An in vivo ectopic expression system for analysis of individual Grs. (A) Schematic of ectopic expression in the ab1C neuron with trace from wild-type ab1 sensillum depicting activities of the four ab1 neurons. Glass micropipettes for tastant recordings contain sensillum lymph ringer (SLR) control (gray) or stimulus in SLR (blue). (B) Sample ab1 recordings in flies expressing Gr5a in ab1C neurons (ab1C:Gr5a-2x). Black dots indicate ab1C spikes. (C) Mean responses of ab1C:Gr5a-1x and ab1C:Gr5a-2x neurons. Baseline activity to SLR is not subtracted from stimulus-evoked activity.
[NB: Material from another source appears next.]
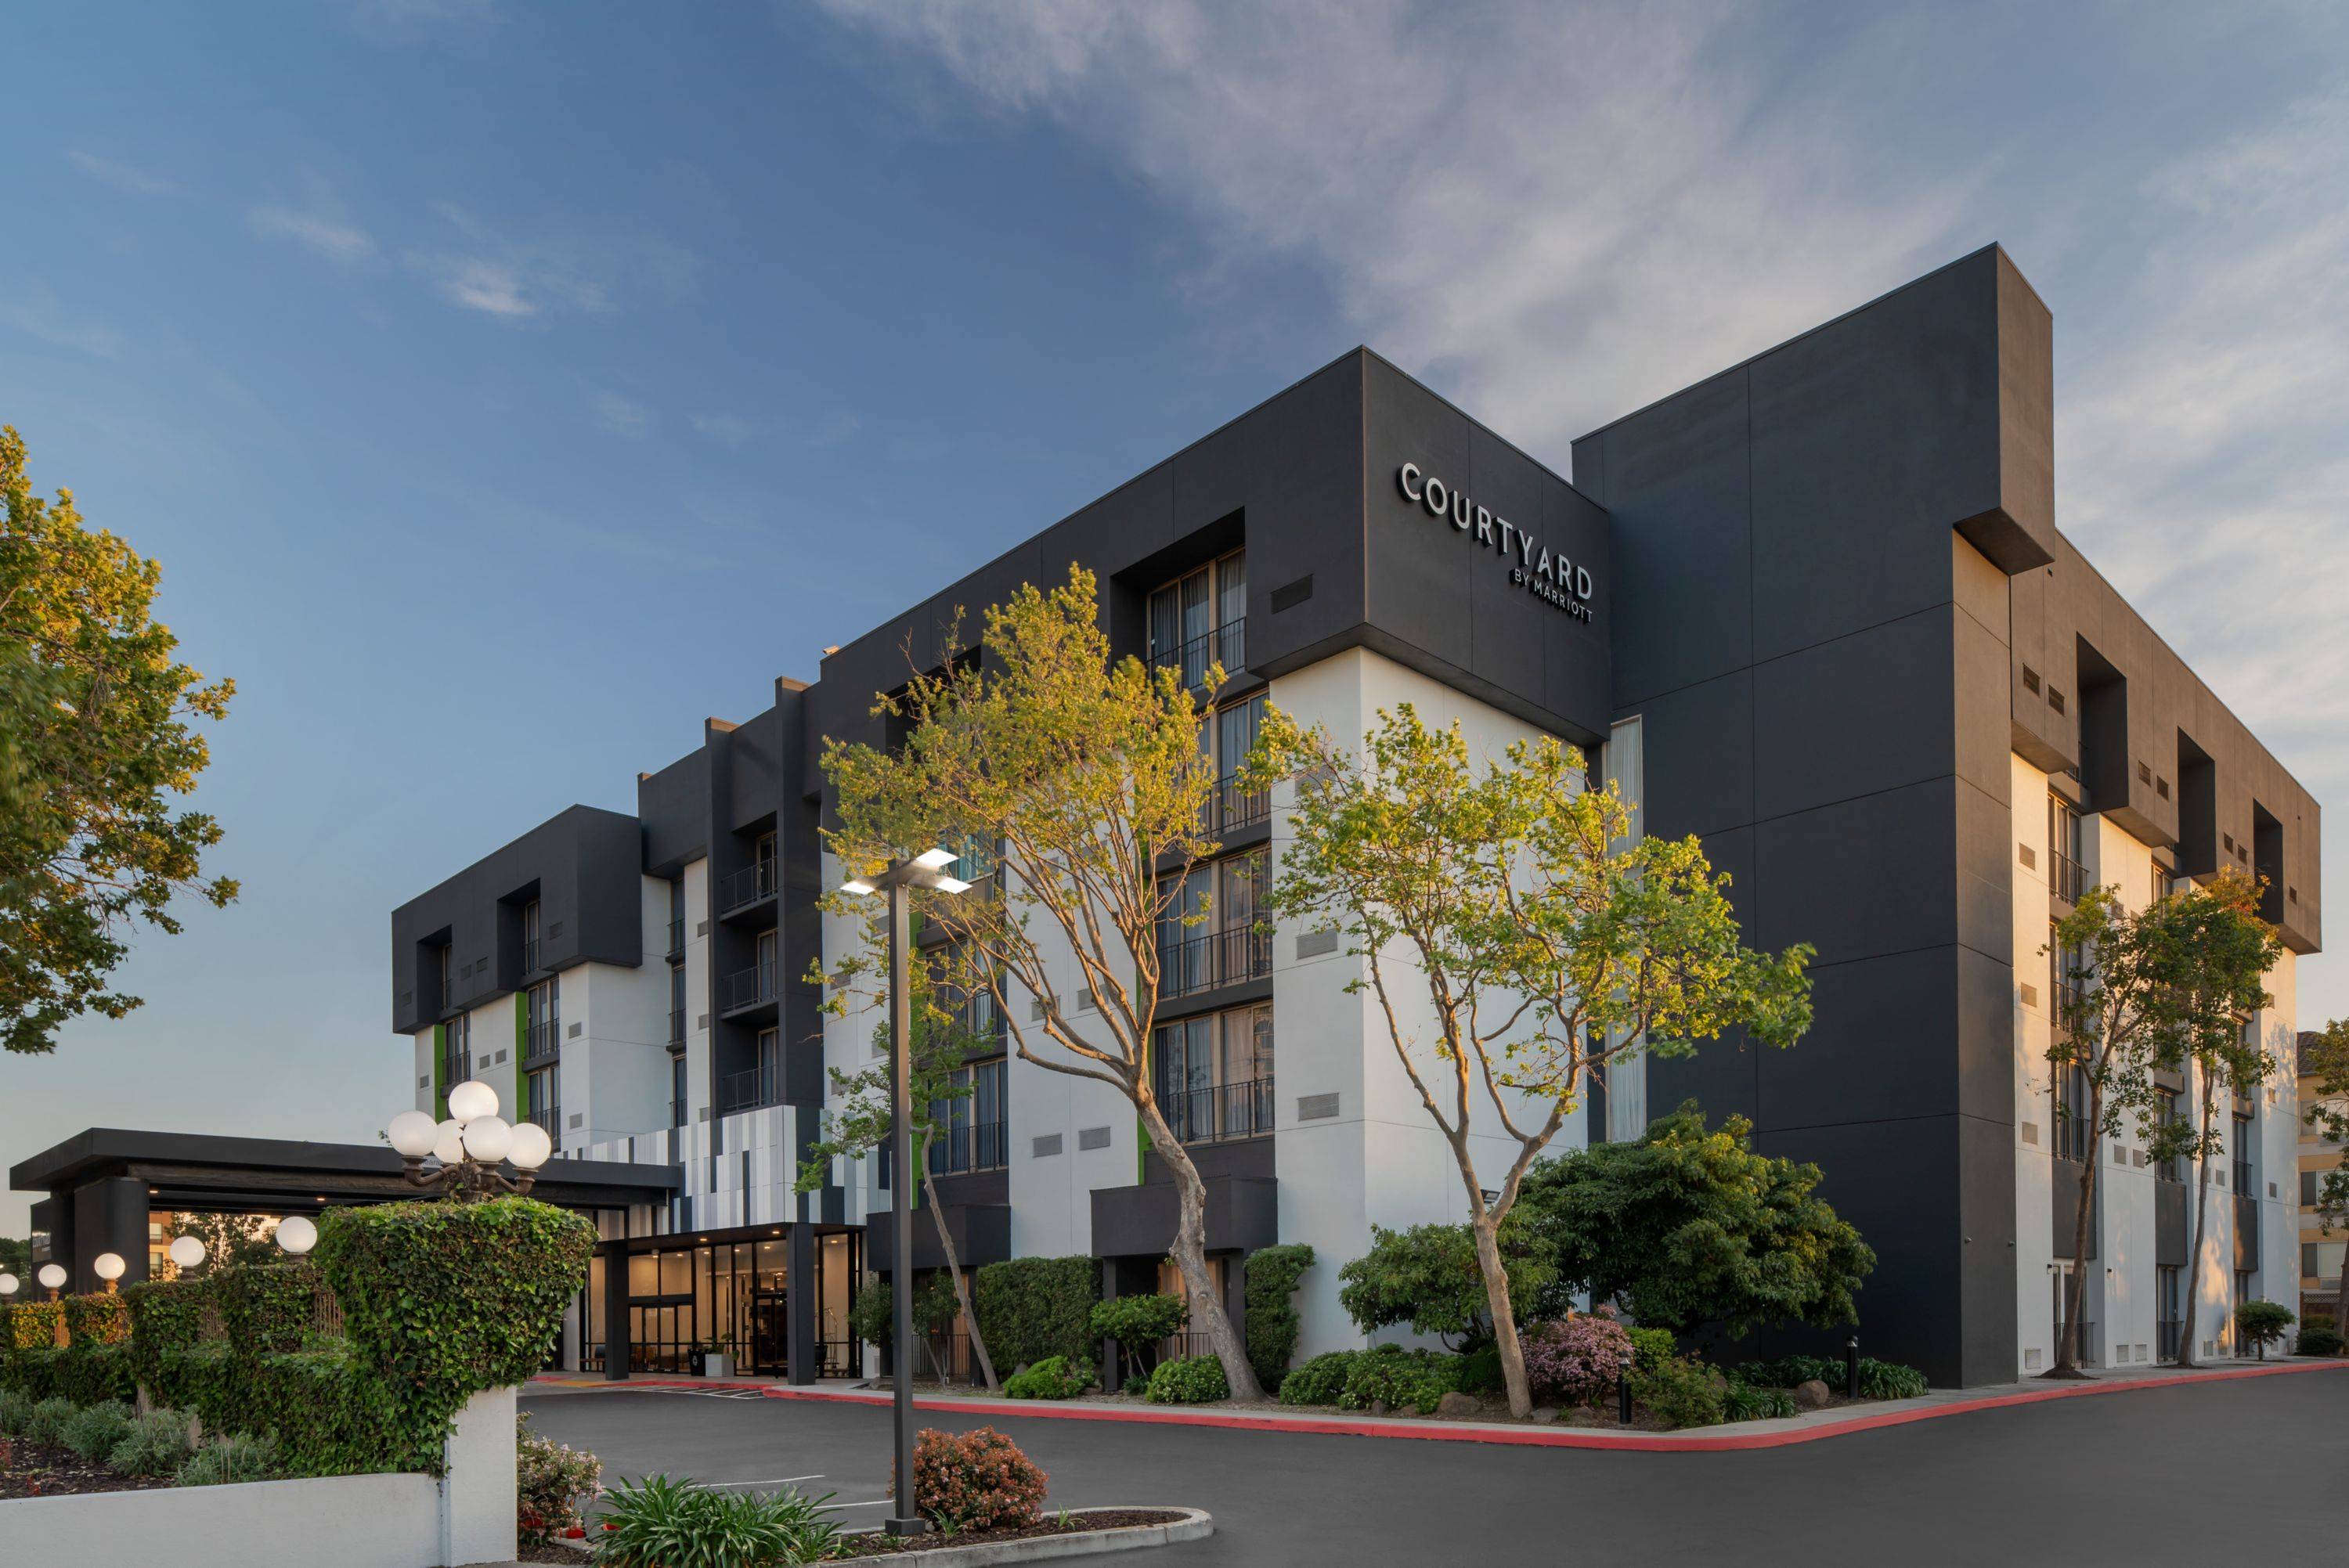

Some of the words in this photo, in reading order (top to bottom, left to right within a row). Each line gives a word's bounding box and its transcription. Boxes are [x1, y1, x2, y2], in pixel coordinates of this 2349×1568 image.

Sugars were tested at a concentration of 100 mM. Letters indicate statistical significance (P < 0.001; one-way ANOVA with Tukey’s post hoc test; n = 6–12). (D) Dose-dependent response to trehalose (n = 6–12). (E) Mean responses of ab1C:Gr5a neurons generated with Gr21a– or Gr63a–GAL4 as indicated to 100 mM sugars (n = 6). (F) Mean responses of ab1C:Gr5a-2x neurons in wild-type (+Gr63a) or ΔGr63a (–Gr63a) flies to 100 mM sugars (n = 10–14). All genotypes in E and F were compared with each other by using two-way ANOVA with Tukey’s post hoc test. Only genotypes with one copy of UAS–Gr5a (E) are significantly different from genotypes with two copies of UAS–Gr5a (F) (P < 0.05).